* [Action item]: Please restate the entries verbatim. The copy should hold no pictures.

* [Given entries]:
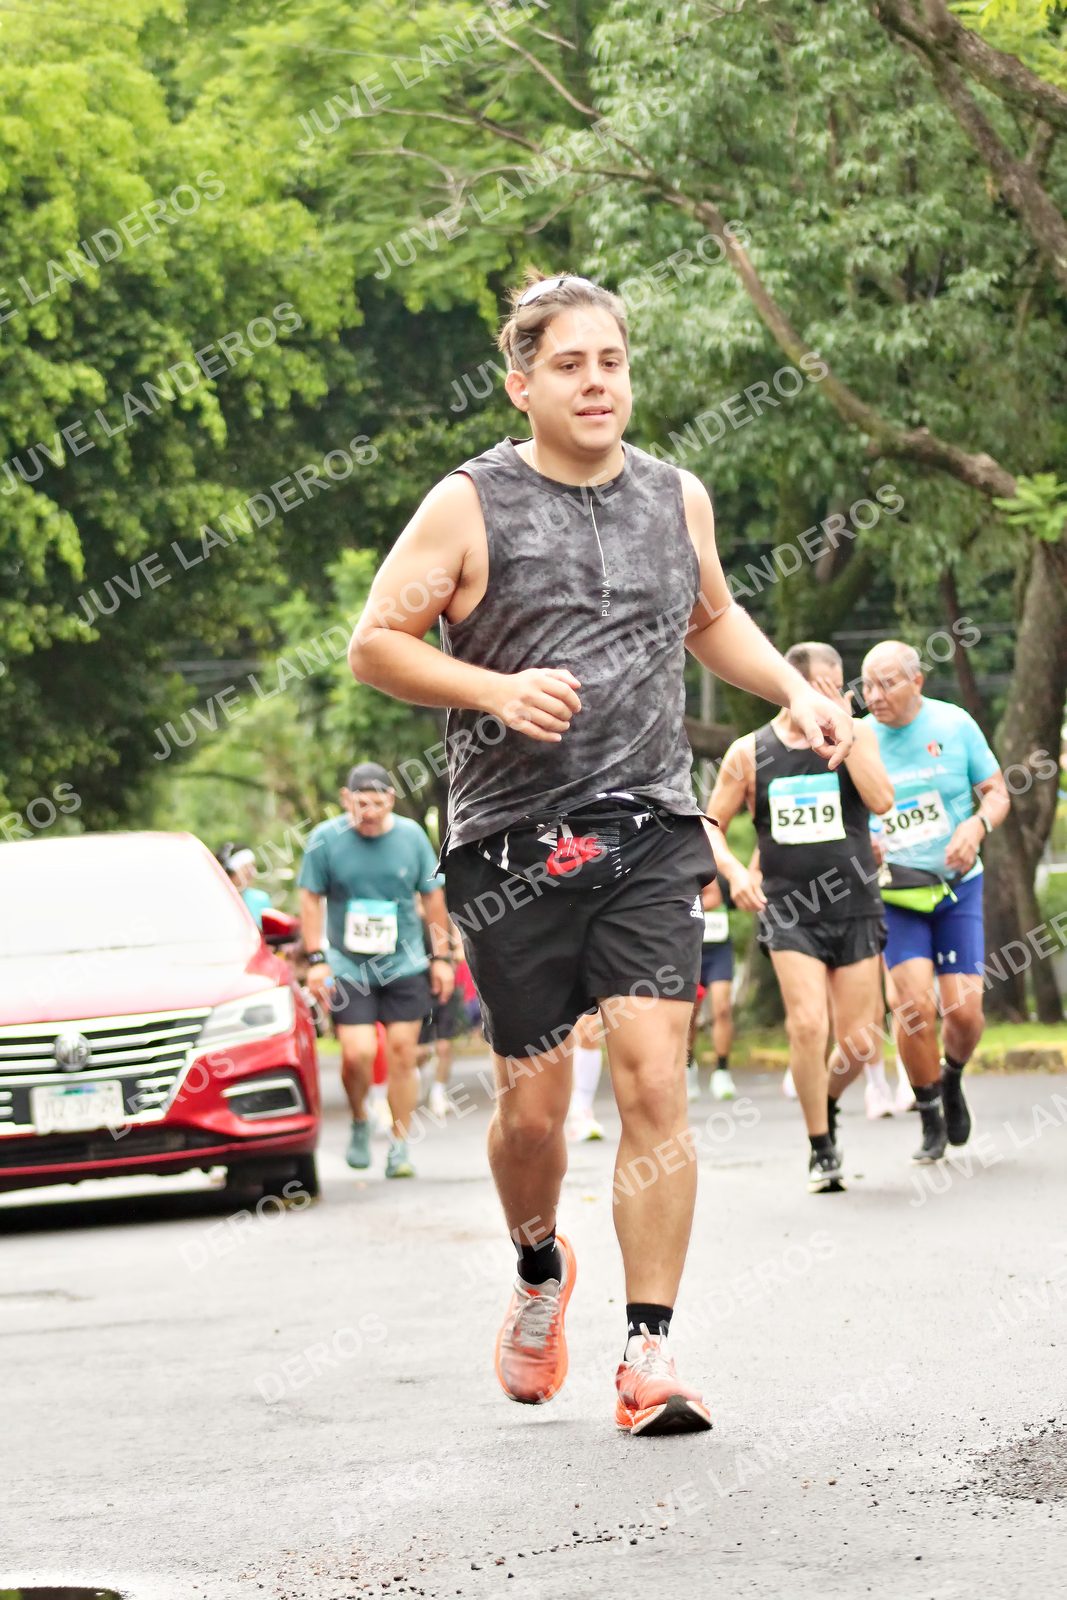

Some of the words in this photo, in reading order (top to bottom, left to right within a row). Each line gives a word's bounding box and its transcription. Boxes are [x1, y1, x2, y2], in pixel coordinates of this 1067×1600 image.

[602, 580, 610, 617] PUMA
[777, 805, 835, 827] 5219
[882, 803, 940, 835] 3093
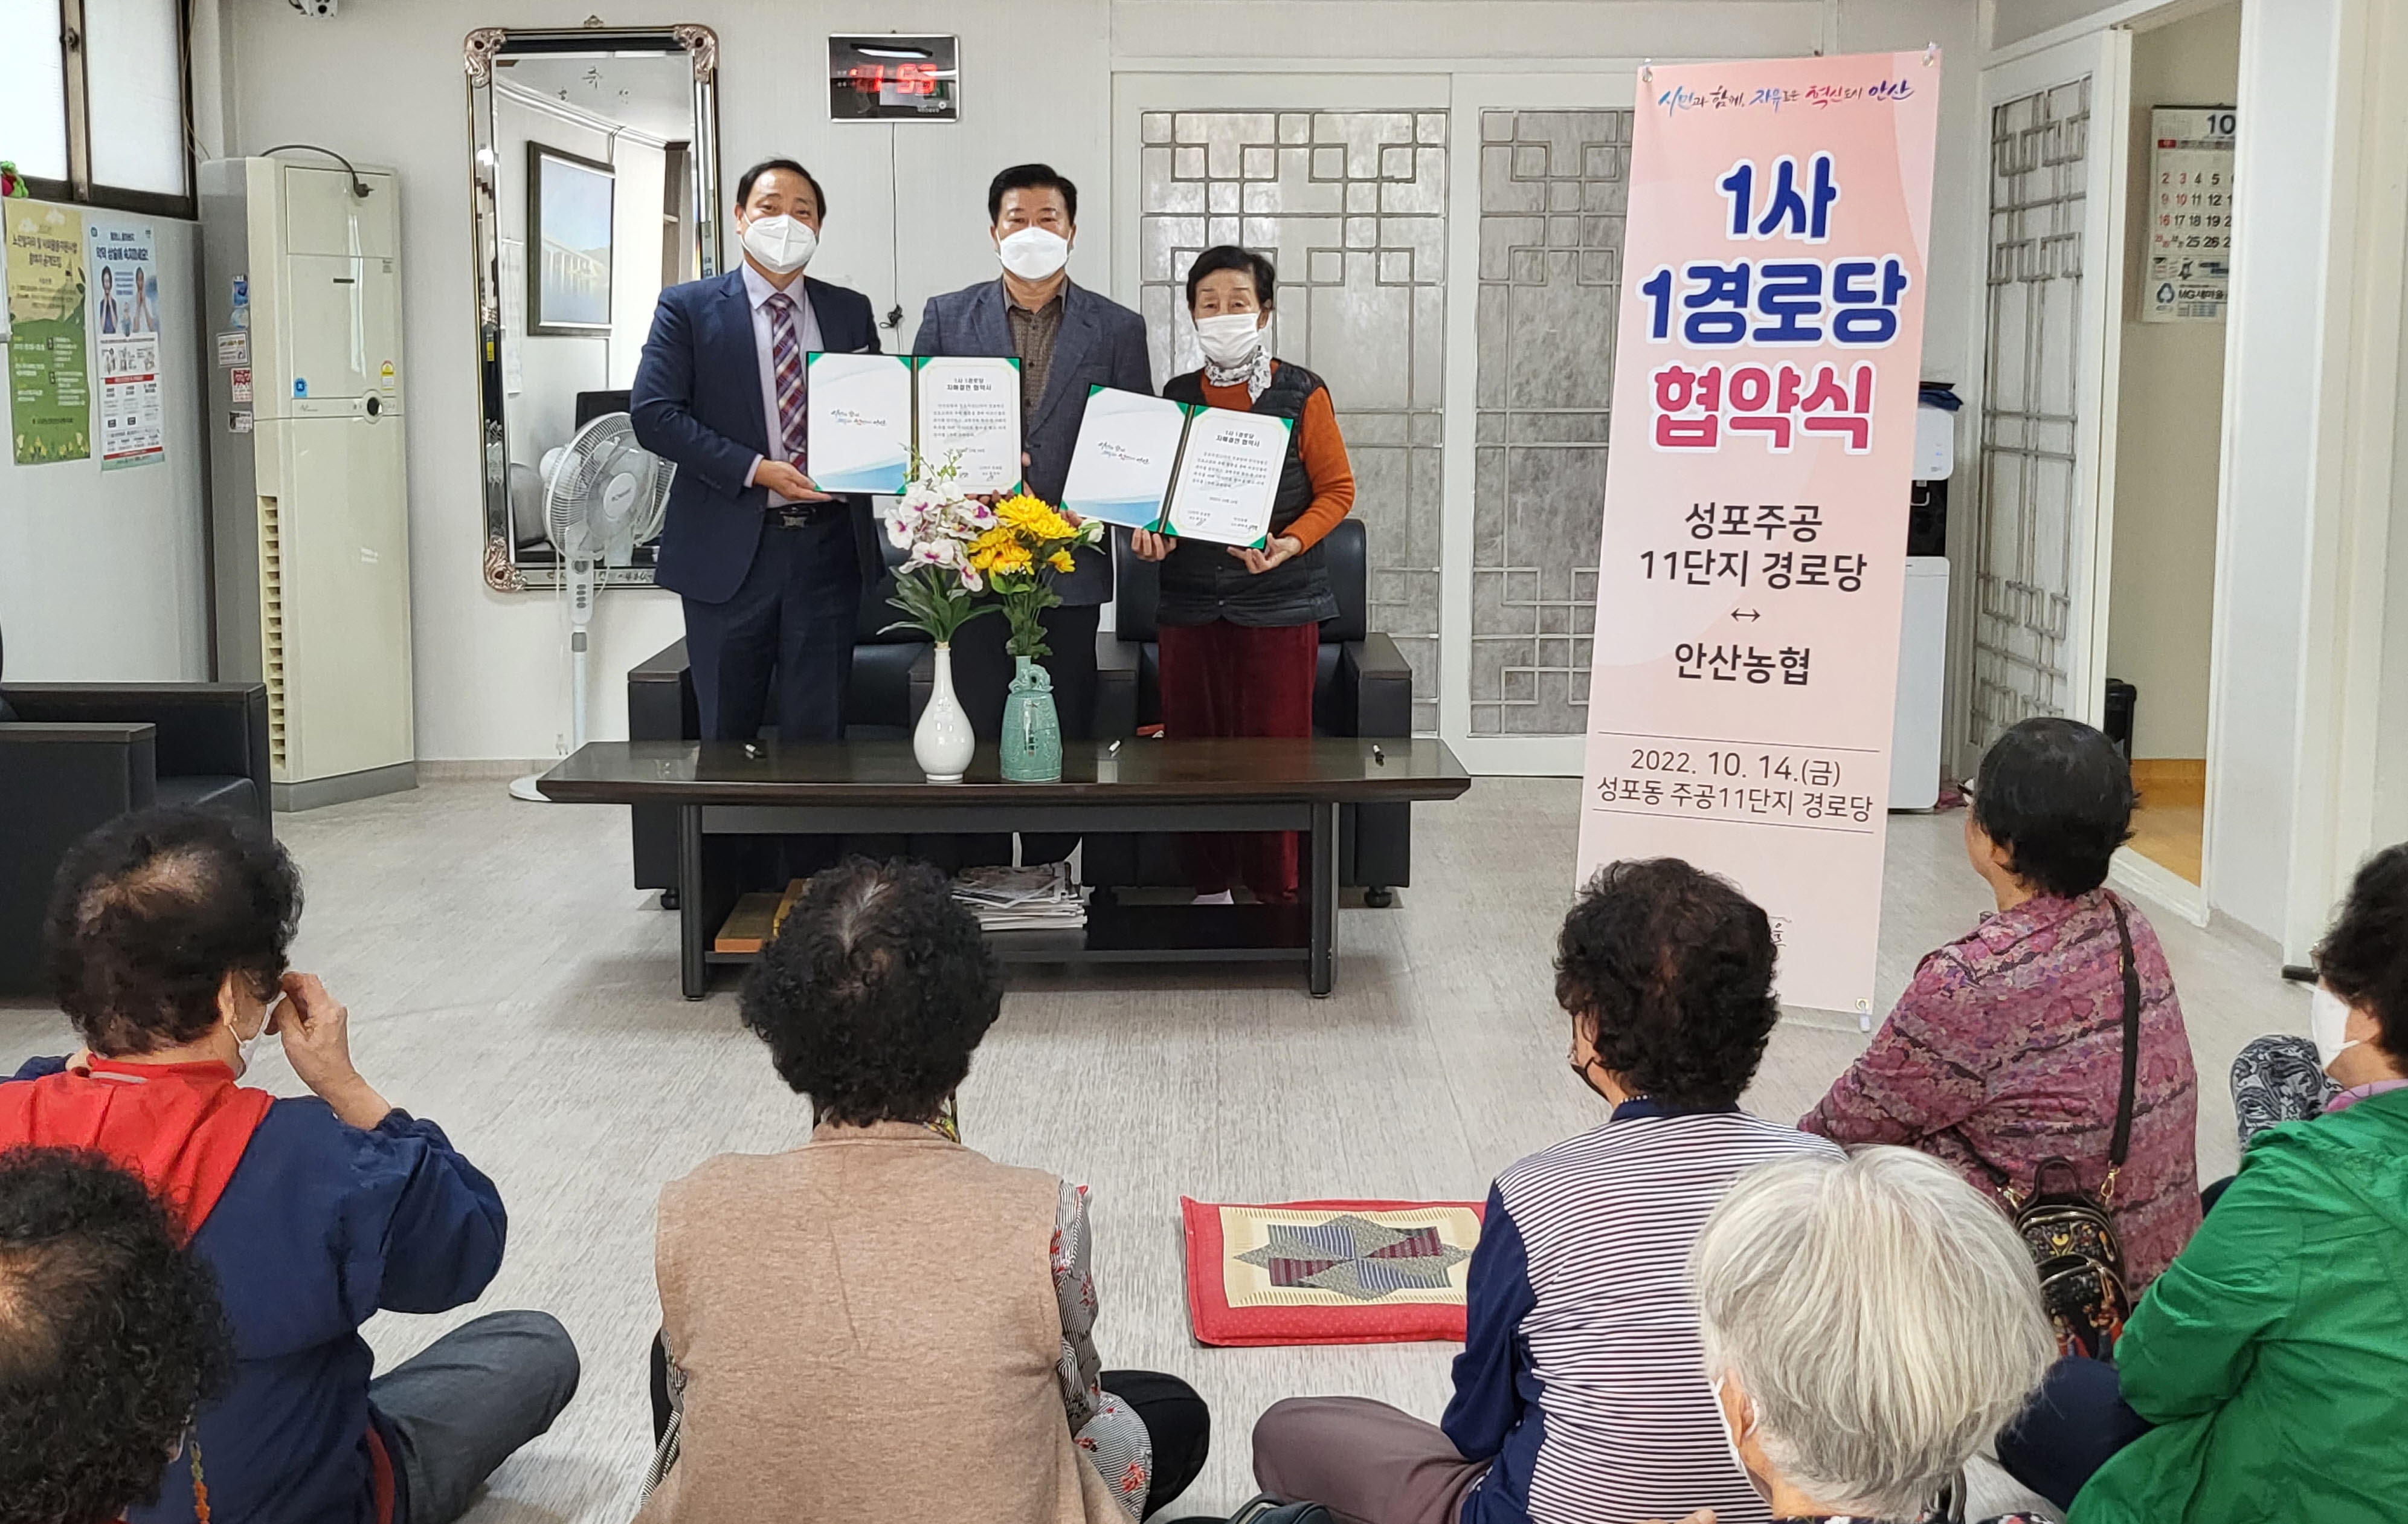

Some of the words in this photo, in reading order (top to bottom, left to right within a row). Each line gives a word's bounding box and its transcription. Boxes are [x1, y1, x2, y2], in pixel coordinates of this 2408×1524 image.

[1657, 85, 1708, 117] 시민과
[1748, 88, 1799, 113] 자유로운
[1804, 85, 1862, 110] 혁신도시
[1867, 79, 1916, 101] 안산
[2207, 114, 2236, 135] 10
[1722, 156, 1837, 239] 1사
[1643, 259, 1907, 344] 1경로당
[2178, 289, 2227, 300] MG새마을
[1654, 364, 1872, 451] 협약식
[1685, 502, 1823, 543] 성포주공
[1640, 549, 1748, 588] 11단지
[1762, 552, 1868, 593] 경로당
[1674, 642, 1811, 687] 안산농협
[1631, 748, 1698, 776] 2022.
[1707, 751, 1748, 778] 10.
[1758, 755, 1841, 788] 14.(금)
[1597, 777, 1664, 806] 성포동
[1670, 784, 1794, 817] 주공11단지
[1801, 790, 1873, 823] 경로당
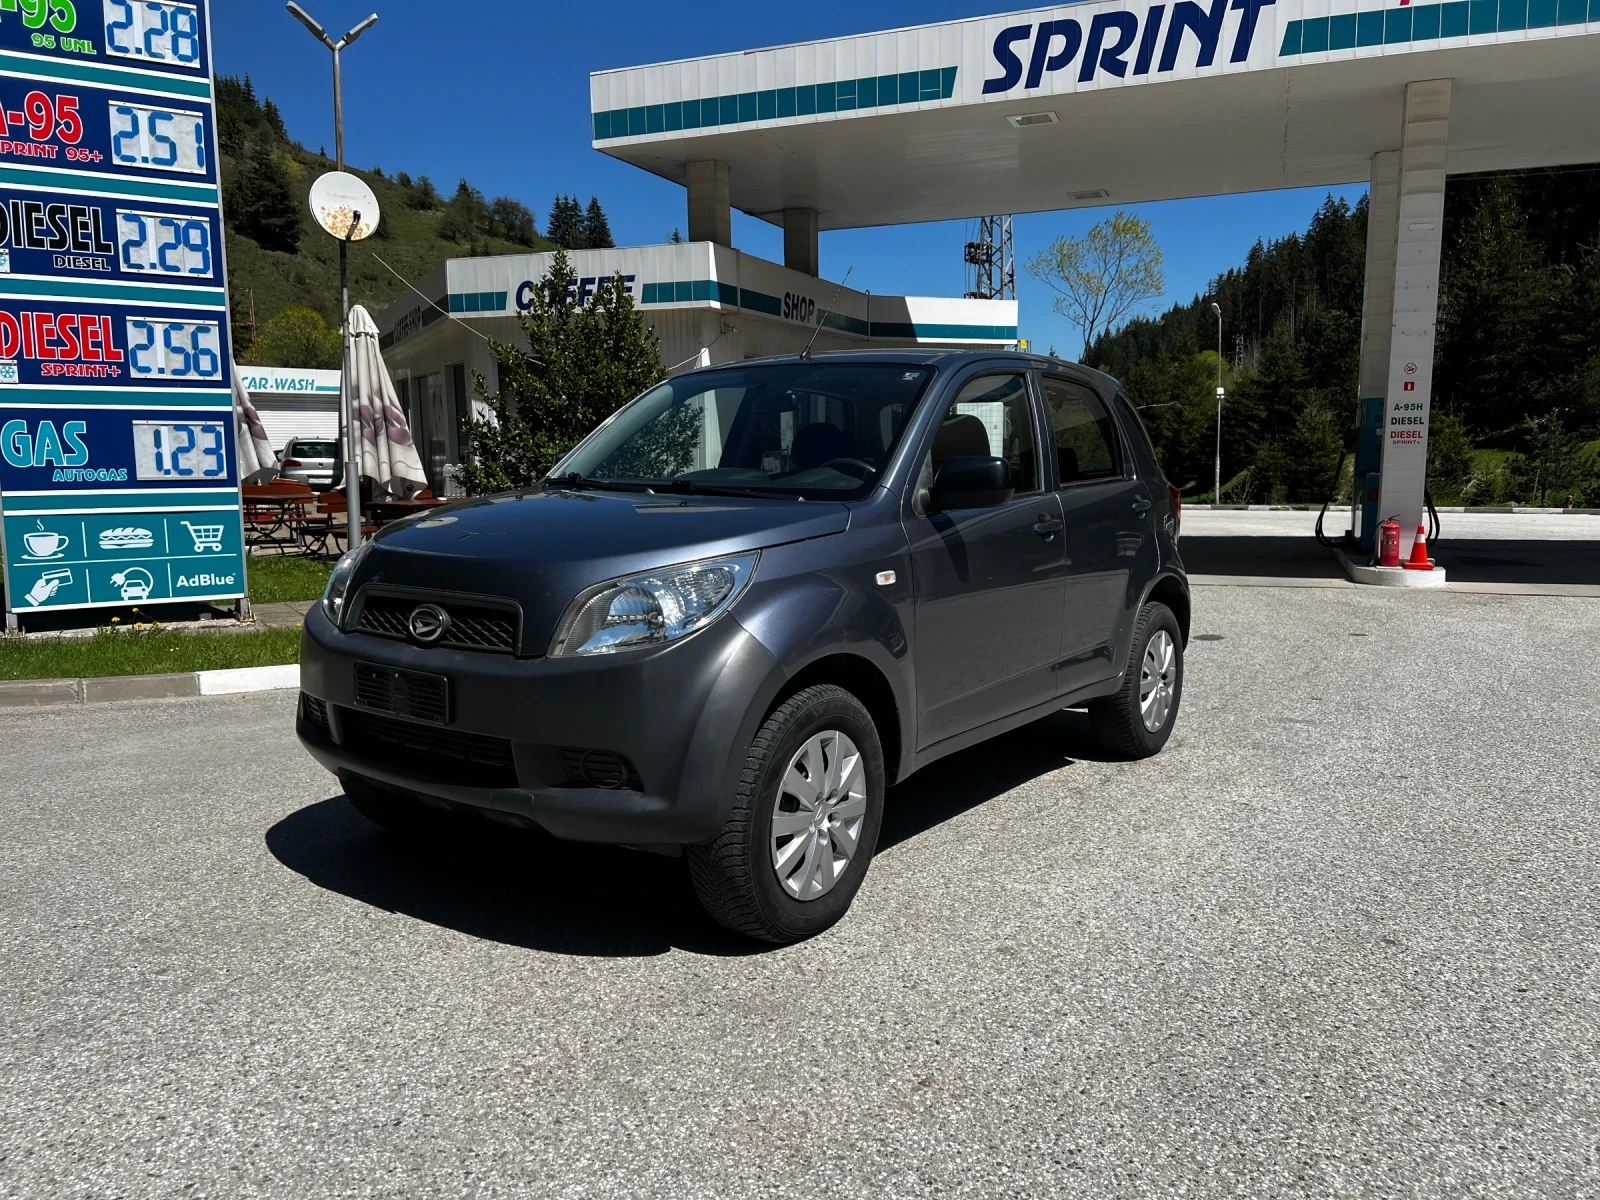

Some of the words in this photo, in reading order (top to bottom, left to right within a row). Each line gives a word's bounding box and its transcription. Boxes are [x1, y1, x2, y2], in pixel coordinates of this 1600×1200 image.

* [Result of the exercise]:
Some of the words in this photo, in reading order (top to bottom, left to right within a row). Each line gives a word's bounding box and its transcription. Boxes are [x1, y1, x2, y2], in pixel coordinates of this 1067×1600 image.

[602, 580, 610, 617] PUMA
[777, 805, 835, 827] 5219
[882, 803, 940, 835] 3093

Some of the words in this photo, in reading order (top to bottom, left to right within a row). Each line gives a word's bounding box and its transcription. Boxes are [x1, y1, x2, y2], in pixel coordinates of this 2408×1524 image.

[1657, 85, 1708, 117] 시민과
[1748, 88, 1799, 113] 자유로운
[1804, 85, 1862, 110] 혁신도시
[1867, 79, 1916, 101] 안산
[2207, 114, 2236, 135] 10
[1722, 156, 1837, 239] 1사
[1643, 259, 1907, 344] 1경로당
[2178, 289, 2227, 300] MG새마을
[1654, 364, 1872, 451] 협약식
[1685, 502, 1823, 543] 성포주공
[1640, 549, 1748, 588] 11단지
[1762, 552, 1868, 593] 경로당
[1674, 642, 1811, 687] 안산농협
[1631, 748, 1698, 776] 2022.
[1707, 751, 1748, 778] 10.
[1758, 755, 1841, 788] 14.(금)
[1597, 777, 1664, 806] 성포동
[1670, 784, 1794, 817] 주공11단지
[1801, 790, 1873, 823] 경로당

Some of the words in this photo, in reading order (top to bottom, left to right within a row). Each line gives a word's bounding box and its transcription. Boxes are [x1, y1, x2, y2], in pixel coordinates of this 1600×1200 image.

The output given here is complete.